EAM Jaishankar’s Trip To Iran Expanded Connectivity & Reaffirmed Trust
The Indian-Iranian Strategic Partnership is focused on keeping geo-economic integration on track so as to jointly speed up the global systemic transition all while calmly addressing whatever differences might arise.
Indian External Affairs Minister (EAM) Dr. Subrahmanyam Jaishankar just wrapped up his two-day visit in Iran, where he expanded connectivity and reaffirmed trust. The most important outcome was the signing of an automatically renewable ten-year deal for using his host’s Chabahar port, which is a crucial node in the North-South Transport Corridor (NSTC) between them, Azerbaijan, Russia, Afghanistan, and the Central Asian Republics. This agreement will lead to more Indian trade with all those countries.
The second aspect of his trip involved talks on the Red Sea Crisis, which expanded to the western part of the Indian Ocean last month after a mysterious drone attack against a ship near India’s coast. The US claimed that it came from Iran, which denied that, but it made sense for EAM Jaishankar to still take this up with the Islamic Republic during his visit due to the possibility that its Yemeni allies might have played a role. It’s unclear what he might have learned, but his upbeat mood suggests that trust was reaffirmed.

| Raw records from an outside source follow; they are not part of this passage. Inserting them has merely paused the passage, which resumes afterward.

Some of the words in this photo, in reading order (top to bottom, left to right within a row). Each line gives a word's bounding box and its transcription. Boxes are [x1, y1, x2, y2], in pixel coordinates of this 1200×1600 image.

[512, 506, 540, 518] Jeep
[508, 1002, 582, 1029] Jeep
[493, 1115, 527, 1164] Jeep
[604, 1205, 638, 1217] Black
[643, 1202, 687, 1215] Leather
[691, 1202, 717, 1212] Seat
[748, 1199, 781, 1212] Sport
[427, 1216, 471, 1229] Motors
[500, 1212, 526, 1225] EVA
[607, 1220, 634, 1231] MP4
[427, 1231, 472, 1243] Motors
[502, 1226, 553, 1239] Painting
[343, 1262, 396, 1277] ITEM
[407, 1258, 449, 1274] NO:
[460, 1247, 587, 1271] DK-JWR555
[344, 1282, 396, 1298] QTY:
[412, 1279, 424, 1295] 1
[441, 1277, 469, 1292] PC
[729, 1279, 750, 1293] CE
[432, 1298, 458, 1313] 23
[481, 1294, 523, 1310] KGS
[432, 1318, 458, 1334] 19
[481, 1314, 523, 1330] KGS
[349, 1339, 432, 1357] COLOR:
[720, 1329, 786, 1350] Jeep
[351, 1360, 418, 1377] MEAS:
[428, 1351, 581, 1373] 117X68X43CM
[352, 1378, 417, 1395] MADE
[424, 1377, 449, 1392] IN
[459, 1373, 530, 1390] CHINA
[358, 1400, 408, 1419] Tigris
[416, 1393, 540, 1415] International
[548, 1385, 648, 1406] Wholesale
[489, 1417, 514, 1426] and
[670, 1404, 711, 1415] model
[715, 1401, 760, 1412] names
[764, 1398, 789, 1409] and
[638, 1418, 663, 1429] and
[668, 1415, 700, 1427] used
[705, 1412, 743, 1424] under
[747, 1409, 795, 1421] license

The Indian-Iranian Strategic Partnership is among the most important in the global systemic transition to multipolarity since it facilitates that South Asian state’s trade with the Eurasian Heartland. If those two didn’t have rock-solid ties built upon mutual trust, then all those hinterland countries would have much more limited economic options. The end result would be that they’d risk disproportionate dependence on China with all that entails for bifurcating the world into a Sino-US duopoly.
The resultant bi-multipolar system would restrict the exercise of all other countries’ sovereignty unlike how the acceleration of multipolar processes fueled by the Indian-Iranian Strategic Partnership expands their strategic opportunities by enabling India to serve as a crucial valve from such systemic pressures. Without reliable Indian economic access to the Eurasian Heartland via Iran, a Sino-led order would arise in parallel with a US-led one around the Eurasian Rimland, thus worsening New Cold War tensions.

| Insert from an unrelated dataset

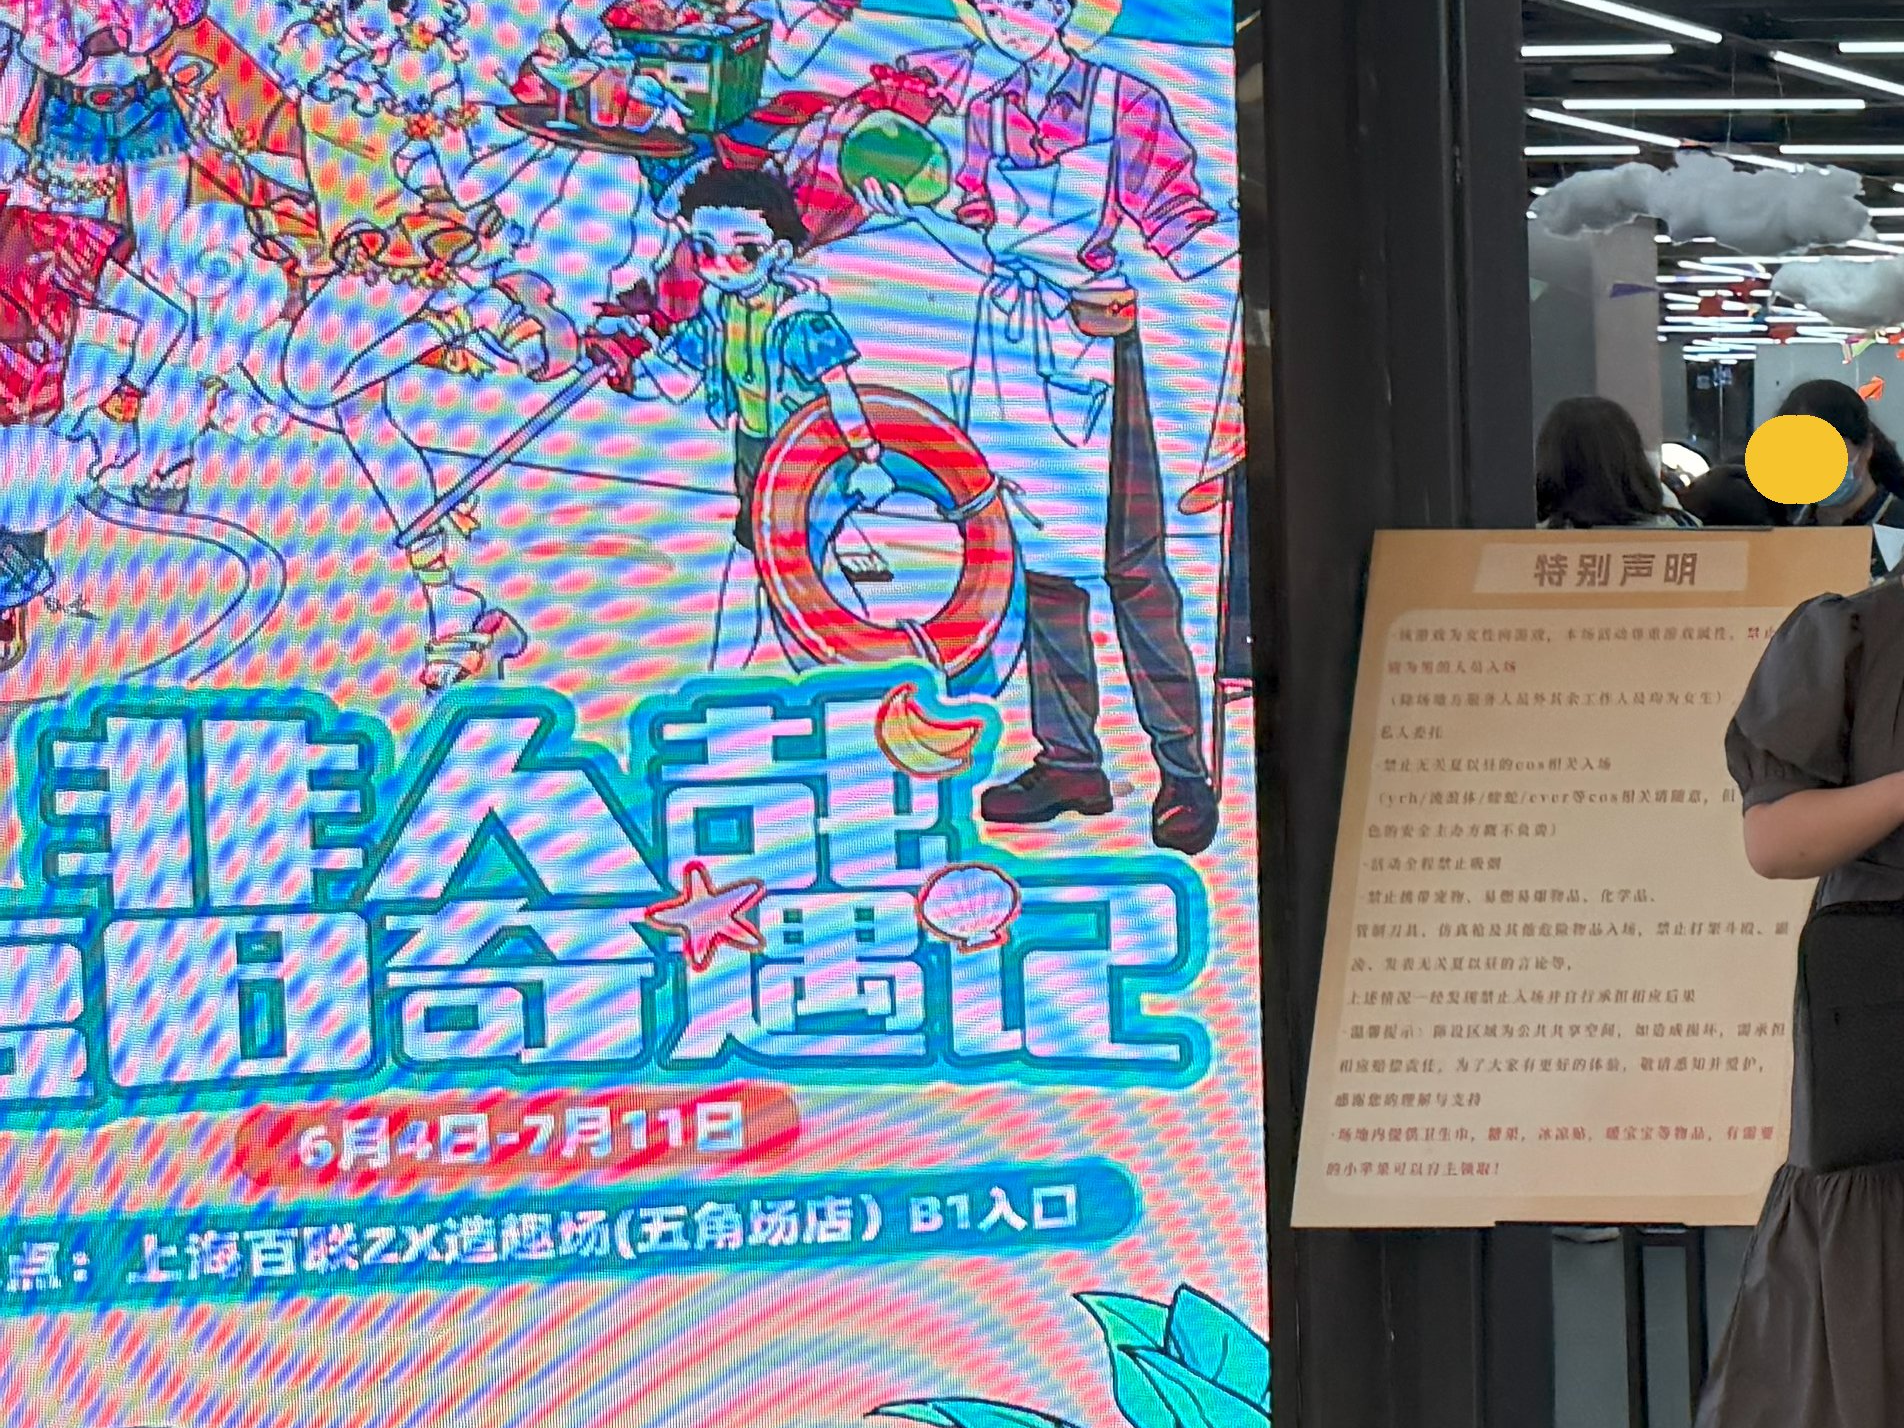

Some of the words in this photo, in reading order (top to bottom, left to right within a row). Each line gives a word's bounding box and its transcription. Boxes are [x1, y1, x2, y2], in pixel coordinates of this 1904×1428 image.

[1533, 552, 1699, 588] 特别声明
[299, 1101, 744, 1172] 6月4日-7月11日

The Islamic Republic has traditionally sought a third way between East and West, which during the Old Cold War was between the USSR and the US and is nowadays between China and the US for the most part, so there’s nothing surprising about its prioritization of India as a privileged balancing partner. Those two don’t always share the same policies as proven by Iran’s support of Hamas and India’s perceived Israeli-leaning neutrality towards the latest war, but they still responsibly manage their differences.
The Indian-Iranian Strategic Partnership is focused on keeping geo-economic integration on track so as to jointly speed up the global systemic transition all while calmly addressing whatever differences might arise such as those over Gaza and last month’s mysterious drone attack in the Indian Ocean. EAM Jaishankar’s trip successfully advanced those three interconnected goals, which raises the chances of a Russian-Indian-Iranian subgroup forming within BRICS during Russia’s chairmanship this year.